Home ›› 30 Aug 2021 ›› World Biz
Every dish tastes better with a dash of soy sauce, even dessert: that’s the ambitious pitch of Japanese food giant Kikkoman, hoping to persuade Indians to use it in curries, sweets and everything in between.
Convincing 1.3 billion people to add a staple of East Asian cuisine to their butter chicken and samosas is no cakewalk but it will likely be easier than the brand’s 1960s push into the United States.
“When we entered the US, people thought we were selling bug juice because of its dark colour,” Harry Hakuei Kosato, Kikkoman’s India representative, told AFP.

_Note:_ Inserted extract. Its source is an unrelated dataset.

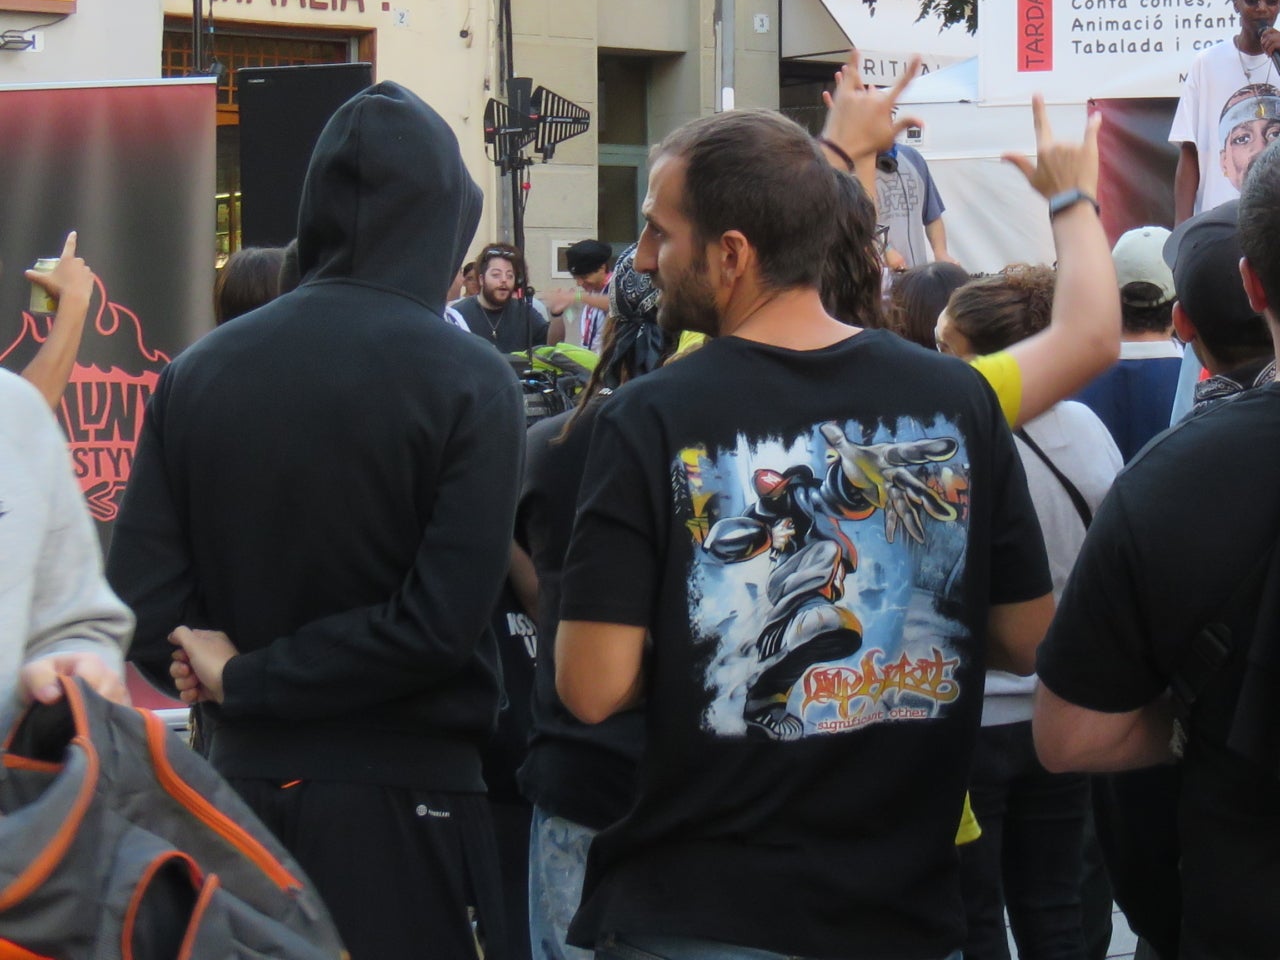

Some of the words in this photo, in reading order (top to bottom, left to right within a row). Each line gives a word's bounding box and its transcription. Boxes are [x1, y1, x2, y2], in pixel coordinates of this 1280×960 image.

[1071, 14, 1163, 32] Animació
[1072, 37, 1164, 55] Tabalada
[817, 711, 884, 732] significant
[890, 707, 927, 719] other

Today the brand’s funnel-shaped dispenser is a ubiquitous presence in US households, accounting for half of the firm’s $4.4 billion revenues, and Kikkoman now hopes to replicate that success in India.

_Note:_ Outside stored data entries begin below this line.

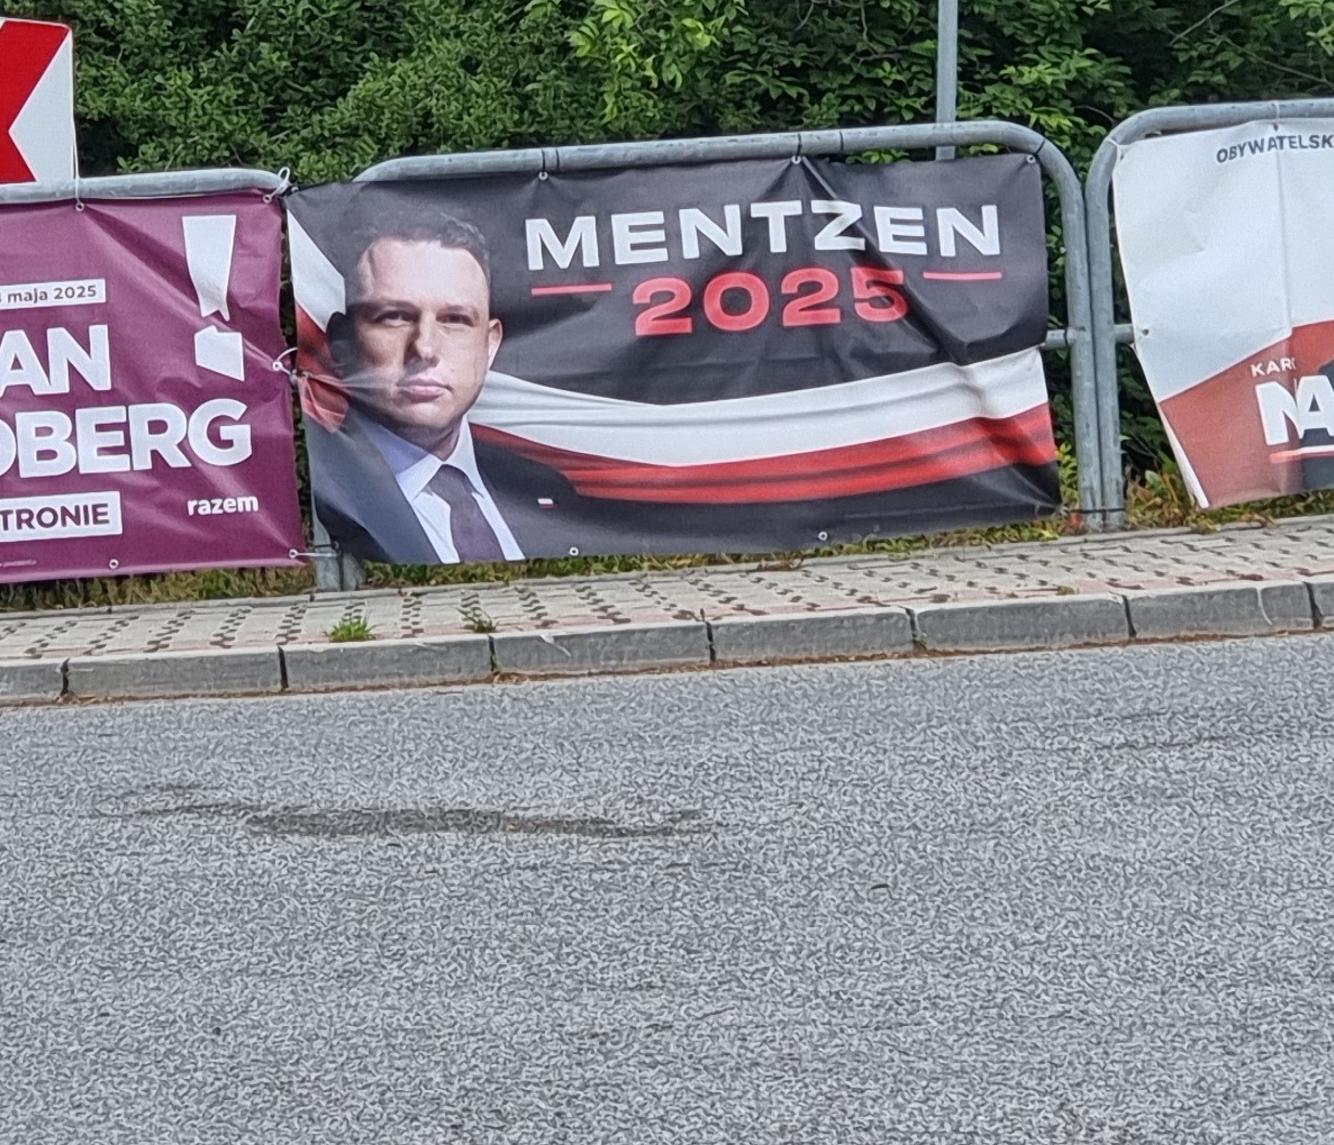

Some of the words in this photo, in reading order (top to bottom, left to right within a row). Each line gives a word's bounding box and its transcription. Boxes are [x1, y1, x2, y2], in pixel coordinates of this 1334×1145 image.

[524, 199, 1001, 271] MENTZEN
[7, 287, 48, 304] maja
[53, 284, 97, 300] 2025
[632, 267, 911, 337] 2025
[1250, 357, 1296, 377] KAR
[187, 496, 259, 516] razem

Sales were boosted by the West’s growing craze for Japanese cuisine since the 1980s, but the company is taking a different approach to India, which is home to a significant vegetarian population.
“It is not about getting everyone to eat sushi. We want our soy sauce to become the ketchup of India,” said Kosato.
He hopes that the move to market the sauce as an endlessly adaptable condiment will strike a chord in a country where culinary innovation is part of street food culture.
For instance, Mumbai’s grilled Bombay Sandwich -- a hawker staple -- is a buttered British-style toastie, but with a filling that includes boiled potato, onion, tomato, beetroot, and coriander chutney, topped with a sprinkling of “sev”, a crunchy deep-fried Indian snack.